Giving a clearer picture of how important the yachting industry is to the T&T economy, James said there are about 180 companies throughout Trinidad that cater to the yachting industry, with approximately 140 of those located in Chaguaramas. Altogether there are eight boatyards/marinas that provide approximately 470 in-water berths, as well as accommodation for approximately 1,000 yachts on land.

He noted that over 17,000 persons are employed full-time in the industry and it is estimated that the yachting sector contributes approximately US$12 million (about $80 million) annually to the economy.

James said with no yachts able to sail because of the pandemic over the last five months, the industry is literally holding on to a string.

“Several marinas and yachting services had to let go some of their staff and are forced to operate with bare minimum employees in order to try and survive, as there is only about 40 to 50 yachts in Chaguaramas since Covid-19 struck.”

He added that back in June, before Parliament dissolved, Attorney General Faris Al Rawi passed a bill enabling yachties to use a single harmonised form, which was supposed to eliminate the bureaucracy of having them fill out 16 forms.

“The association is very grateful that the bill was passed and it’s just for it to be made law by the President, because we have been clamouring for 15 years for these several forms to be made into one form, just like the other islands have done. These 16 forms that the yachties have to fill out before gaining entry into our waters have also contributed significantly to the decline in boat arrivals.”

The YSATT director outlined that back in 2000-2002, in the peak season, there used to be about 2,800 yachts in T&T, but since the recession in the US back in 2008 along with piracy on the waters, the numbers dropped to 800 yachts a year.

James is hopeful that things can turn around when Covid eases up and he said the YSATT is willing to work with the Government in using the industry to help diversify the economy.

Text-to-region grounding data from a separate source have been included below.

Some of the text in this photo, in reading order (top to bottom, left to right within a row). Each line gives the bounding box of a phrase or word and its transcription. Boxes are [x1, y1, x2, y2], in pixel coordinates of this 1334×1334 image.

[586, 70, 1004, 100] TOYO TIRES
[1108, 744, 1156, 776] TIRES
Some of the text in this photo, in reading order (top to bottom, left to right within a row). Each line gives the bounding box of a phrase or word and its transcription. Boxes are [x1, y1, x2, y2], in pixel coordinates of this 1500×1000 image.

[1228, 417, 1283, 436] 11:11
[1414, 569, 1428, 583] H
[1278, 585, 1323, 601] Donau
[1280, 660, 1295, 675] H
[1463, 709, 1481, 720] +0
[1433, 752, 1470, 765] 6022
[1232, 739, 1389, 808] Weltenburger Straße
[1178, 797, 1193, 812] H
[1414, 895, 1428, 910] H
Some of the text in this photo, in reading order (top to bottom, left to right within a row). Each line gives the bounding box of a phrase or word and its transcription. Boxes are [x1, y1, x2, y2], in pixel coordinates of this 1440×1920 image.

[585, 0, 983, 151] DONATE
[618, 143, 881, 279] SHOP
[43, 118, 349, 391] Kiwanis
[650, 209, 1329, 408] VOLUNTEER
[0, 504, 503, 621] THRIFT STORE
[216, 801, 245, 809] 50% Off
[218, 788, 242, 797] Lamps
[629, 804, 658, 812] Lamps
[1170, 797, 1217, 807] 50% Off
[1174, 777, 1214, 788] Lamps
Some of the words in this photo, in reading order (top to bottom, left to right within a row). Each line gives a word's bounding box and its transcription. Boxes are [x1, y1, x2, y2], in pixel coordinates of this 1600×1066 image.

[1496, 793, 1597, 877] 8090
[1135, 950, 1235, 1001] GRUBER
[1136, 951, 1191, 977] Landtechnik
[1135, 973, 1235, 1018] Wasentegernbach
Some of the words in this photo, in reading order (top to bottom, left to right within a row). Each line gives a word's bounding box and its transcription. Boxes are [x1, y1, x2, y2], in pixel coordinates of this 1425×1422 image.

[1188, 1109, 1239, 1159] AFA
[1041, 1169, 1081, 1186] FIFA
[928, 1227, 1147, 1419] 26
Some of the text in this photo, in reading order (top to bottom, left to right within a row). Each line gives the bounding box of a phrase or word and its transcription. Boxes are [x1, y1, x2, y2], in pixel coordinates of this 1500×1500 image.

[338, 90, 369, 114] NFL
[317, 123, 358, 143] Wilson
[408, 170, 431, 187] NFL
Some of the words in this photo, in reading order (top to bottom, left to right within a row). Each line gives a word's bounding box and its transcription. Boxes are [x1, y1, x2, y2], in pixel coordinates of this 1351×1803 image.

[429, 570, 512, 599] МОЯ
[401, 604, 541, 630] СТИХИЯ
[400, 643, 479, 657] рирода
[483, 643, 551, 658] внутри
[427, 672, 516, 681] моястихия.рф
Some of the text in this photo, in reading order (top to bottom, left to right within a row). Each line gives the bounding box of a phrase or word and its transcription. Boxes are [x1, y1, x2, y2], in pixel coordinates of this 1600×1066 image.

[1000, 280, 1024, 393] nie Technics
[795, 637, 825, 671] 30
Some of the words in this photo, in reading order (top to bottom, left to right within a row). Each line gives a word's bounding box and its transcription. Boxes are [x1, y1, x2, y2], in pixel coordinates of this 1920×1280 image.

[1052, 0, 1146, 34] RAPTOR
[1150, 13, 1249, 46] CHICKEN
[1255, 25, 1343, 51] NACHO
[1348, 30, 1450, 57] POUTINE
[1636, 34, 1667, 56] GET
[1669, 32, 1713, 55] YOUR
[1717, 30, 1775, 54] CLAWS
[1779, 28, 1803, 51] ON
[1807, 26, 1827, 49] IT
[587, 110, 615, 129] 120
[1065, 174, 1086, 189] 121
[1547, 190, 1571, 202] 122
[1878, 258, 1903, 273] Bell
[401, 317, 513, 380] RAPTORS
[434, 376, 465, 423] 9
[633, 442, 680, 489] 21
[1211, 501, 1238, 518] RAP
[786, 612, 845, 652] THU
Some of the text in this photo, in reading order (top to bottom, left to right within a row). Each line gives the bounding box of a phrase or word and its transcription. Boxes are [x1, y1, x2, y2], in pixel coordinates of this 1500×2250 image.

The promotion of T&T as a vibrant centre for yachts would also help with the shortage of foreign exchange that country continues to face, James said.

Express Business visited the Ministry of Trade and Industry website which noted that the ministry in collaboration with both the private and public sectors has prepared a Yachting Policy, 2017 – 2021.

Overall, the goal of the policy is to improve the economic contribution of the yachting industry through increased foreign exchange earnings, increased employment and more business activity in the form of yachting related services. The specific objectives of the policy are to:

• Improve and expand Trinidad and Tobago’s yachting product;

• Reform and strengthen the legal and regulatory framework;

• Improve the human resource and technical capacity in the yachting industry; and

• Improve the environmental and social sustainability of the yachting industry.